> WORK TO BE COMPLETED:
Please copy out every line in the records below that includes the word "image".

━━━

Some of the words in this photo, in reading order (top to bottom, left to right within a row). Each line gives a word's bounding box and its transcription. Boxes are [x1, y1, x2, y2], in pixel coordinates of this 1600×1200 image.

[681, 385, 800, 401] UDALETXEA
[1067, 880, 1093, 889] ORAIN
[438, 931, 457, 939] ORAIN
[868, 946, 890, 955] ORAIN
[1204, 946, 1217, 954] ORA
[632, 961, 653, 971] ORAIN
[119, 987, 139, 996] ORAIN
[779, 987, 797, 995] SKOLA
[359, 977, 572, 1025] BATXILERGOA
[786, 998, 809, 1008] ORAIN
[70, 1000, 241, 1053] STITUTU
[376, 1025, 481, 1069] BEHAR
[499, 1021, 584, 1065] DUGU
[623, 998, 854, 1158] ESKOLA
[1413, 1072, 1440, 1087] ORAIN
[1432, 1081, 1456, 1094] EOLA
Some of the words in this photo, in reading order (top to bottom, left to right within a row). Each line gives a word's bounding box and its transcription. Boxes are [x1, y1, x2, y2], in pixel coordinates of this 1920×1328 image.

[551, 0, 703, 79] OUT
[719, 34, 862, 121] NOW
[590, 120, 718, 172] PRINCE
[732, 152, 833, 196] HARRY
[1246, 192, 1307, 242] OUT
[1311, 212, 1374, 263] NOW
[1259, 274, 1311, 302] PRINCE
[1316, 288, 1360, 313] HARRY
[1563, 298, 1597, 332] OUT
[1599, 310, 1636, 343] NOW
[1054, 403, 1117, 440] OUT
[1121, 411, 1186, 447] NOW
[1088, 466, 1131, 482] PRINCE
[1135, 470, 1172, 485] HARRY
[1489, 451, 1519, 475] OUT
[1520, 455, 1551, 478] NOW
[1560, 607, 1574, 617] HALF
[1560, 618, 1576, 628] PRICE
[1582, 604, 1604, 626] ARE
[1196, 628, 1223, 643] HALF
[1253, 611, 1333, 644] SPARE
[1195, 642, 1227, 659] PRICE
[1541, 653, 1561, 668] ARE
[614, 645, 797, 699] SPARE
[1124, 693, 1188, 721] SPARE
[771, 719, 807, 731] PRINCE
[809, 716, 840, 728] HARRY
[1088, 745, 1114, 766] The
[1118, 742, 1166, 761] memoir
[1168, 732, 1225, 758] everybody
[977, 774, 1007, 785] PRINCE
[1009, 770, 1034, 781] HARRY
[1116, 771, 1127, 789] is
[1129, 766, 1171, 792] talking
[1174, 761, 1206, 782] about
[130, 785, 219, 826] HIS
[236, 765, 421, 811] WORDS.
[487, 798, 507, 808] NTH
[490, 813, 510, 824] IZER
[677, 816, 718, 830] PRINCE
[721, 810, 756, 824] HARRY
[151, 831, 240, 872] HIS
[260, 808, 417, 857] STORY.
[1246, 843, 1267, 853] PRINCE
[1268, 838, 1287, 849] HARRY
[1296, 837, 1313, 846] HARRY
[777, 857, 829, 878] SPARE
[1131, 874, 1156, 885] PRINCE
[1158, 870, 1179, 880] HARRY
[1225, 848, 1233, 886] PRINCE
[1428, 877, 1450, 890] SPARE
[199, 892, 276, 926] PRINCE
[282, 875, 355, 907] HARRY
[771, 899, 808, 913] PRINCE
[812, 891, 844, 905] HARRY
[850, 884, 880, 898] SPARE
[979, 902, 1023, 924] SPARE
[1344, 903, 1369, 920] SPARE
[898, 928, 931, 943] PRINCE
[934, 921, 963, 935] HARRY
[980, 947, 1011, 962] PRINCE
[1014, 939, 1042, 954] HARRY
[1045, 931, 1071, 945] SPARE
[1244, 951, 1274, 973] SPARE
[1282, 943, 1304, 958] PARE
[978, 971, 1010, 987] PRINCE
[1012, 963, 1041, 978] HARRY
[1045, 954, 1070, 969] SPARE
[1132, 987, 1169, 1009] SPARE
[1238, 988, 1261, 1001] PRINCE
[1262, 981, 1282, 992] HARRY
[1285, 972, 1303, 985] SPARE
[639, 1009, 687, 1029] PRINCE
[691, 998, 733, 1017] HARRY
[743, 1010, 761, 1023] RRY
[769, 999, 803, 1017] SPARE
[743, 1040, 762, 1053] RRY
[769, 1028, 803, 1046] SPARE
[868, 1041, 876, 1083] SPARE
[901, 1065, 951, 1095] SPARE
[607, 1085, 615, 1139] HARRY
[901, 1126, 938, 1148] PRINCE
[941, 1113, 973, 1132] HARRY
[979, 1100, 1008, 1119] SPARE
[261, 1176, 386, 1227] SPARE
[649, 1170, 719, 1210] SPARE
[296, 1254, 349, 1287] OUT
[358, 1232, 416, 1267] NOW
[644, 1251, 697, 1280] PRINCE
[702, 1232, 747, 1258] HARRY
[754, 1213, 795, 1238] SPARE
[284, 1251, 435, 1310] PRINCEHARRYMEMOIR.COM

━━━

> EXERCISE SOLUTION:
Some of the words in this photo, in reading order (top to bottom, left to right within a row). Each line gives a word's bounding box and its transcription. Boxes are [x1, y1, x2, y2], in pixel coordinates of this 1600×1200 image.
Some of the words in this photo, in reading order (top to bottom, left to right within a row). Each line gives a word's bounding box and its transcription. Boxes are [x1, y1, x2, y2], in pixel coordinates of this 1920×1328 image.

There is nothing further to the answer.